Top of PROVIDED DATA
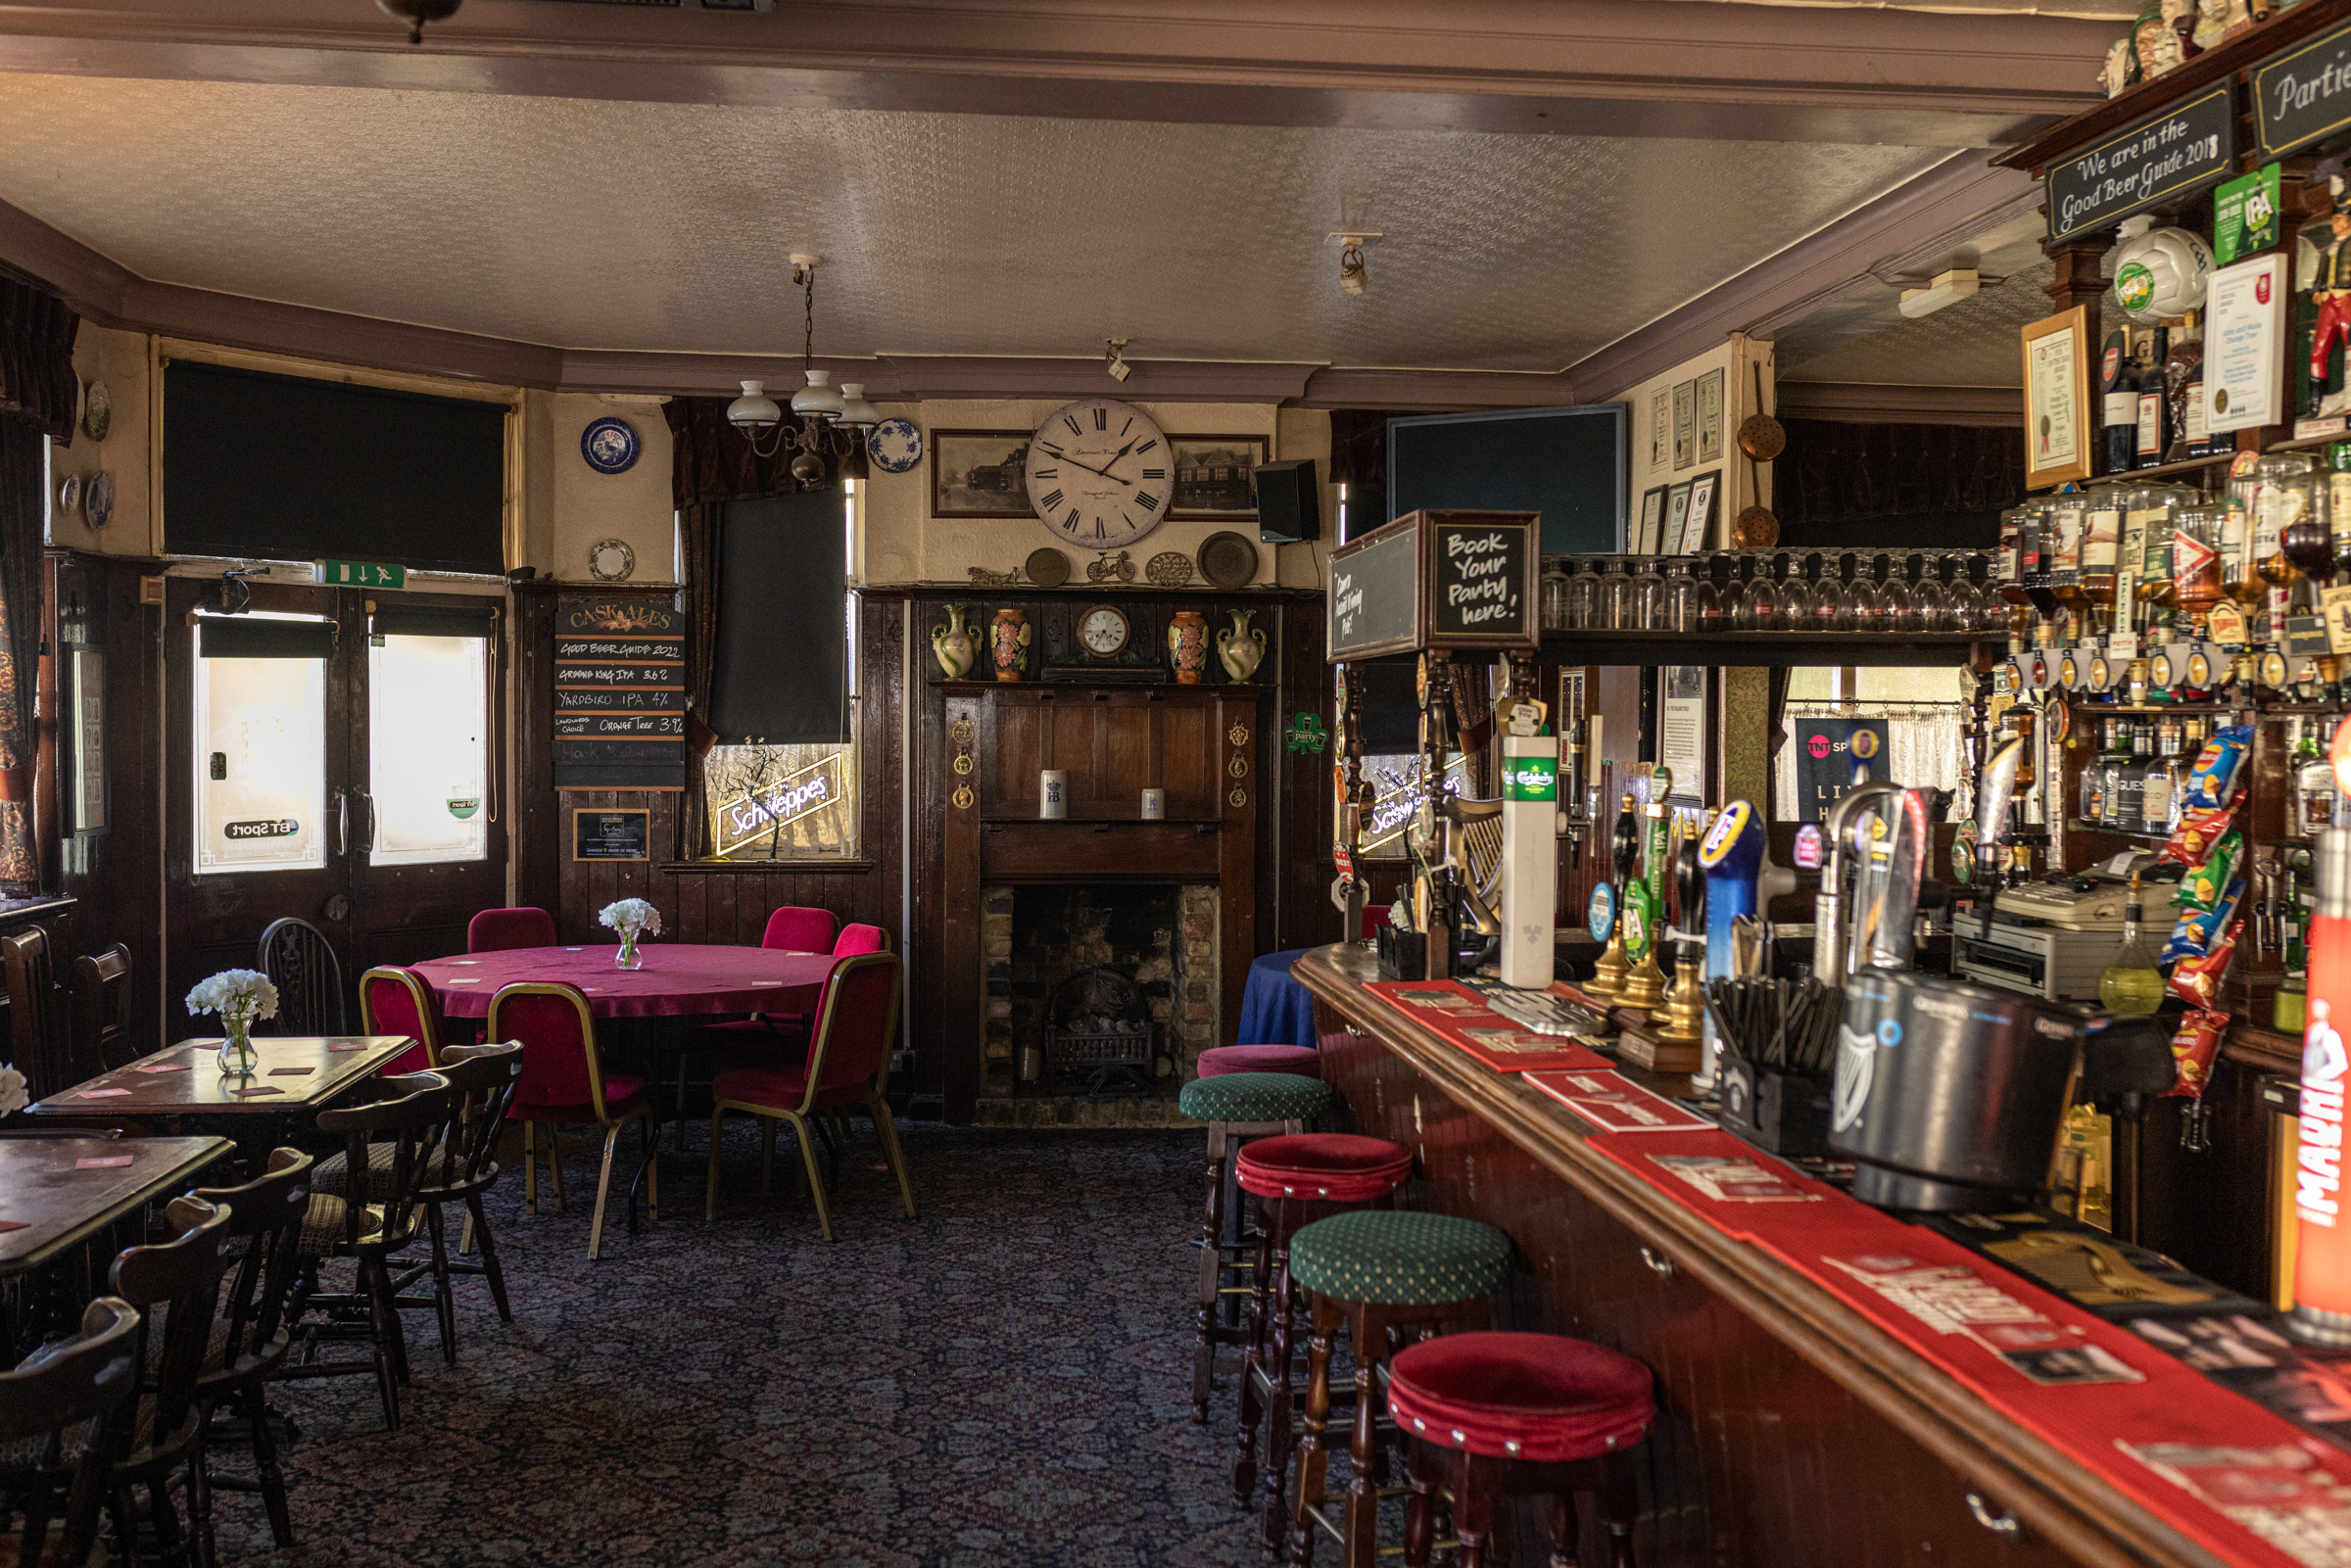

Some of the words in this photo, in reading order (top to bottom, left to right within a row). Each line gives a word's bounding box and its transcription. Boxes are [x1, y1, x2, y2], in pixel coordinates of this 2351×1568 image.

[2076, 153, 2106, 181] We
[2111, 142, 2138, 169] are
[2141, 130, 2158, 152] in
[2160, 119, 2188, 146] the
[2059, 180, 2101, 233] Good
[2102, 173, 2139, 203] Beer
[2136, 148, 2184, 200] Guide
[2184, 134, 2220, 170] 2018
[1448, 533, 1509, 557] Book
[1455, 555, 1507, 580] Your
[1449, 576, 1507, 606] Party
[570, 604, 618, 628] CASK
[623, 604, 672, 629] ALES
[1462, 594, 1517, 626] here!
[560, 642, 588, 657] GOOD
[590, 643, 620, 655] BEER
[617, 644, 651, 659] GUIDE
[651, 644, 681, 658] 2022
[558, 669, 594, 681] GREENE
[595, 669, 615, 685] KING
[615, 669, 635, 681] IPA
[651, 691, 668, 706] 4%
[562, 724, 585, 734] CHOICE
[600, 719, 632, 733] ORANGE
[629, 716, 654, 731] TREE
[1295, 733, 1317, 742] party
[1808, 742, 1831, 752] TNT
[1516, 770, 1555, 786] Carlsberg
[1047, 792, 1060, 802] HB
[731, 776, 827, 836] Schweppes
[1655, 830, 1667, 849] IPA
[1335, 858, 1351, 868] BEST
Bottom of PROVIDED DATA
Could you output all of the entries above exactly? Leave the pictures out.

→ OUTPUT OF THE TASK:
Some of the words in this photo, in reading order (top to bottom, left to right within a row). Each line gives a word's bounding box and its transcription. Boxes are [x1, y1, x2, y2], in pixel coordinates of this 2351×1568 image.

[2076, 153, 2106, 181] We
[2111, 142, 2138, 169] are
[2141, 130, 2158, 152] in
[2160, 119, 2188, 146] the
[2059, 180, 2101, 233] Good
[2102, 173, 2139, 203] Beer
[2136, 148, 2184, 200] Guide
[2184, 134, 2220, 170] 2018
[1448, 533, 1509, 557] Book
[1455, 555, 1507, 580] Your
[1449, 576, 1507, 606] Party
[570, 604, 618, 628] CASK
[623, 604, 672, 629] ALES
[1462, 594, 1517, 626] here!
[560, 642, 588, 657] GOOD
[590, 643, 620, 655] BEER
[617, 644, 651, 659] GUIDE
[651, 644, 681, 658] 2022
[558, 669, 594, 681] GREENE
[595, 669, 615, 685] KING
[615, 669, 635, 681] IPA
[651, 691, 668, 706] 4%
[562, 724, 585, 734] CHOICE
[600, 719, 632, 733] ORANGE
[629, 716, 654, 731] TREE
[1295, 733, 1317, 742] party
[1808, 742, 1831, 752] TNT
[1516, 770, 1555, 786] Carlsberg
[1047, 792, 1060, 802] HB
[731, 776, 827, 836] Schweppes
[1655, 830, 1667, 849] IPA
[1335, 858, 1351, 868] BEST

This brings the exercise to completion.